Ernie's Ark
Page 14
She lifts a crate of oranges and divvies them up. Along the upper balcony of the cavernous room—a century ago it was a grange hall, and it still seems suited to farmers gathering to talk prices and play mandolins—she can see Roy Little pacing frantically, arms flying, in a wide blade of light from a partly open door. Mrs. T isn’t here tonight, but her husband is, slamming down a phone and yelling something across to Allan Landry.
Something awful has happened; the women sense it, too. They stop, looking upward.
Eddie is in there, Francine sees, the only other kid in the place, because he has been chosen to deliver Jesse’s introduction. Meghan Bouvier got six votes and Eddie got the remaining nineteen. Eddie and Meghan voted for each other and Francine voted for Eddie. He leaps out of the office and tears down the stairs, weaving his way through snags of chairs, tables laden with clothes, food, brochures, lumber, sheets of cardboard.
Francine steels herself: “What happened?” she calls to him.
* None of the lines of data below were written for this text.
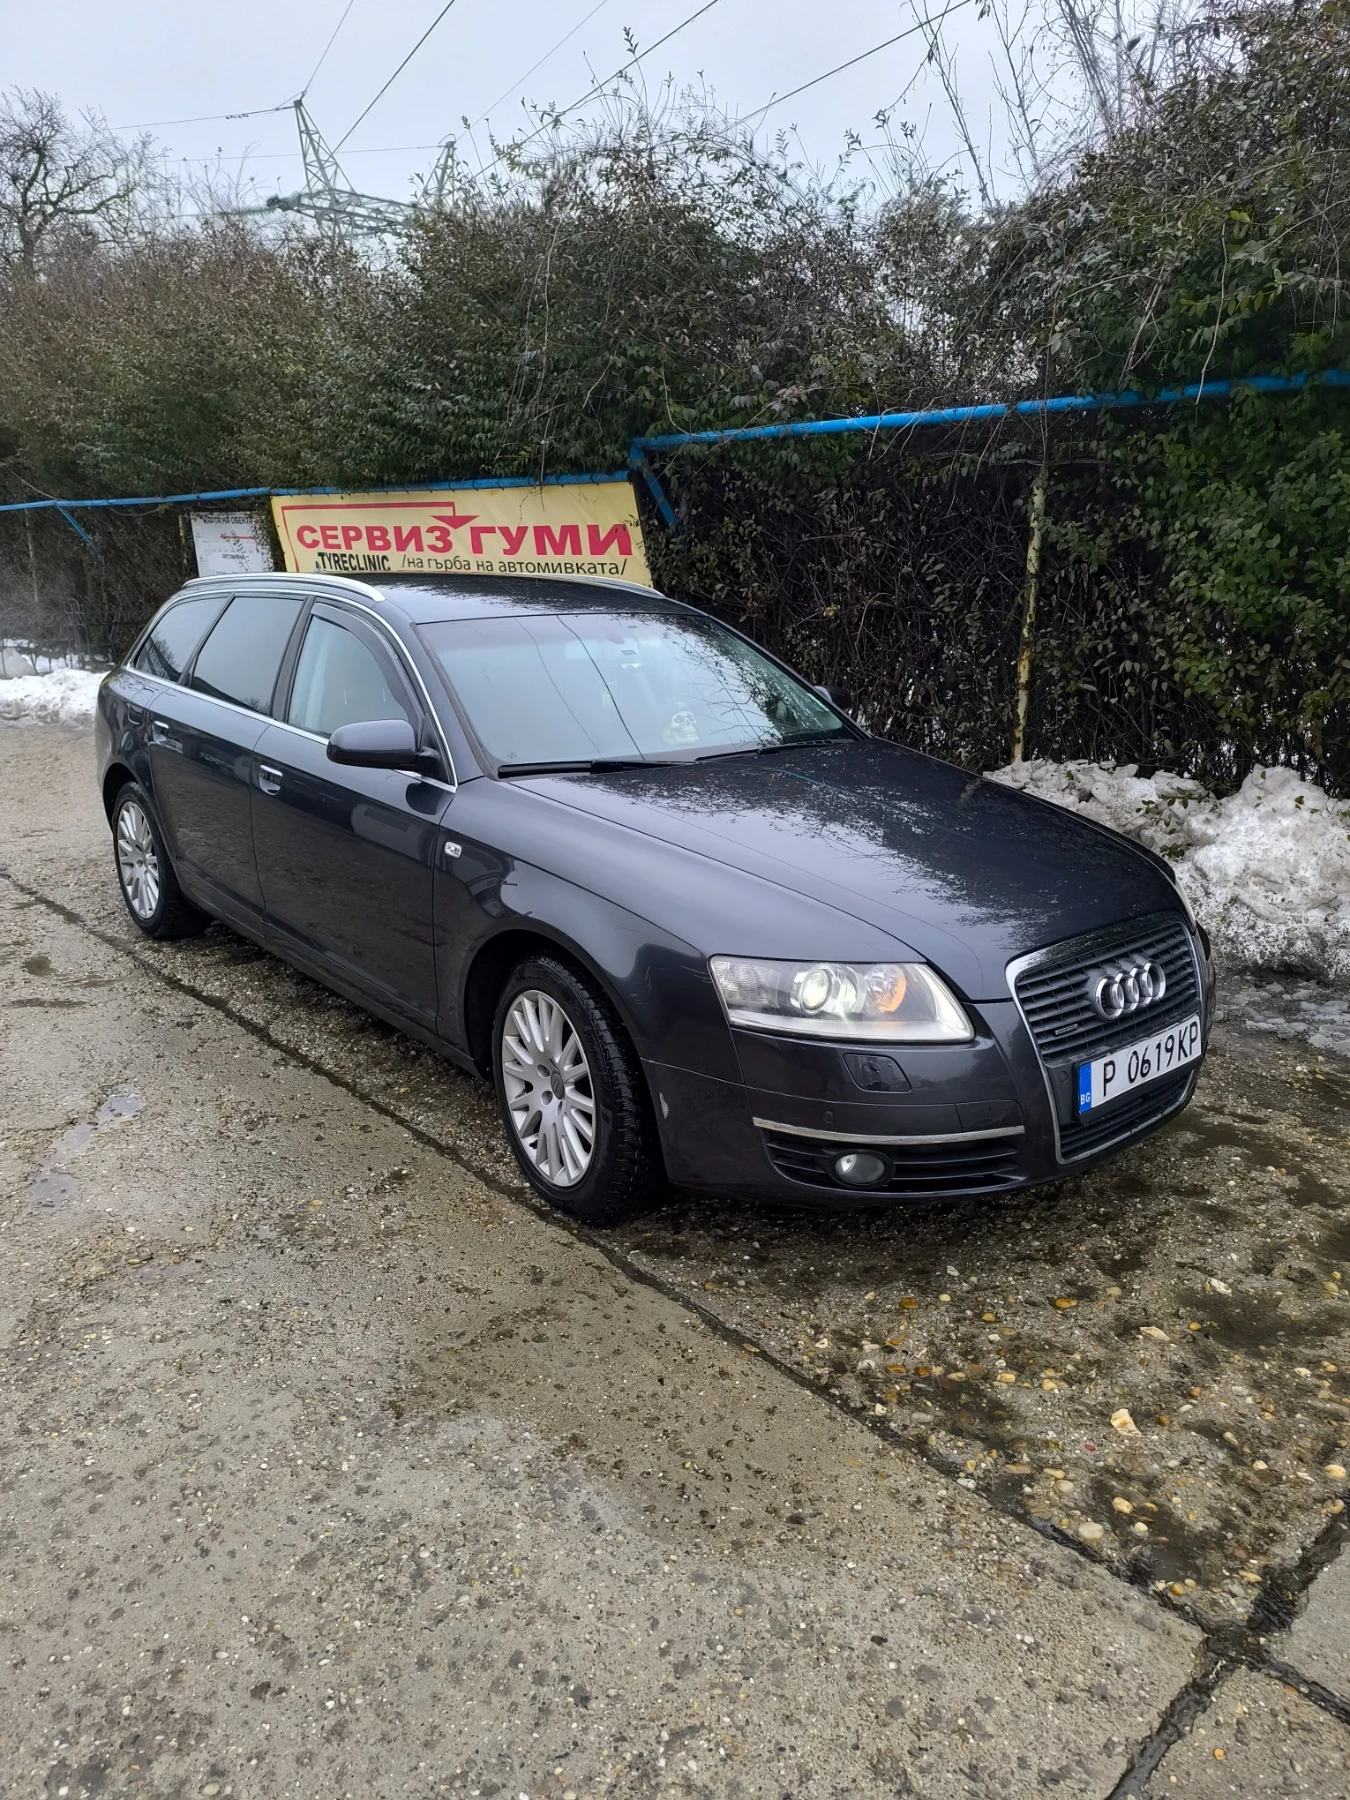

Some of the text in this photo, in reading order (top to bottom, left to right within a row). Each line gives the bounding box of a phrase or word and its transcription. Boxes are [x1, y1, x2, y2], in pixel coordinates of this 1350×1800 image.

[296, 523, 633, 556] СЕРВИЗ ГУМИ
[317, 551, 391, 571] TYRECLINIC
[401, 554, 628, 575] /на гърба на автомивката/
[1103, 1060, 1116, 1097] P
[1080, 1092, 1091, 1105] BG
She doesn’t want it to be that Jesse canceled; she doesn’t want that poor woman with her bunions to be right.
Eddie looks at her, hesitates, then walks over, flush with news. “They’re folding up shop. McCoy and them. It’s over.”
McCoy means Henry John McCoy, CEO of Atlantic Pulp & Paper. The rest she does not understand. The women have already headed up the stairs, mouths working. Francine looks helplessly at Eddie.
“They’re putting the mill up for sale,” Eddie explains, slowly, as if speaking to an imbecile. But he looks frightened. “It’s over.”
“The strike’s over?” Francine says, not believing. “The strike’s over?”
Eddie grimaces. “Everything’s over. McCoy’s firing the scabs after tonight’s shift.” He looks at her, his blue eyes intent. “We’re not strikers anymore. We’re just working stiffs at a plant closing.”
Though she understands that Eddie has just snatched those words from his father, she envies him the word we. “What about Jesse?” Francine asks. “Is he still coming?”
Eddie snorts. “Yeah. A lotta good it’ll do now.” Then he wings past her, probably fetching something for his father, something important and secret.
Word has gone out, instantly, the way it always does. People arrive in small, panicky surges. Some of the men start putting chairs in place. There will be a makeshift meeting before the rally. Francine races over to the coffeemaker, pours a cup for Roy—cream and two sugars, this is how he takes it—and climbs to the inner sanctum with the cup proffered. Roy, engulfed by questions, his shirt sweat-stained, crumpled by worry, spots her and yells over a clanging phone: “Will somebody get that kid out of here?”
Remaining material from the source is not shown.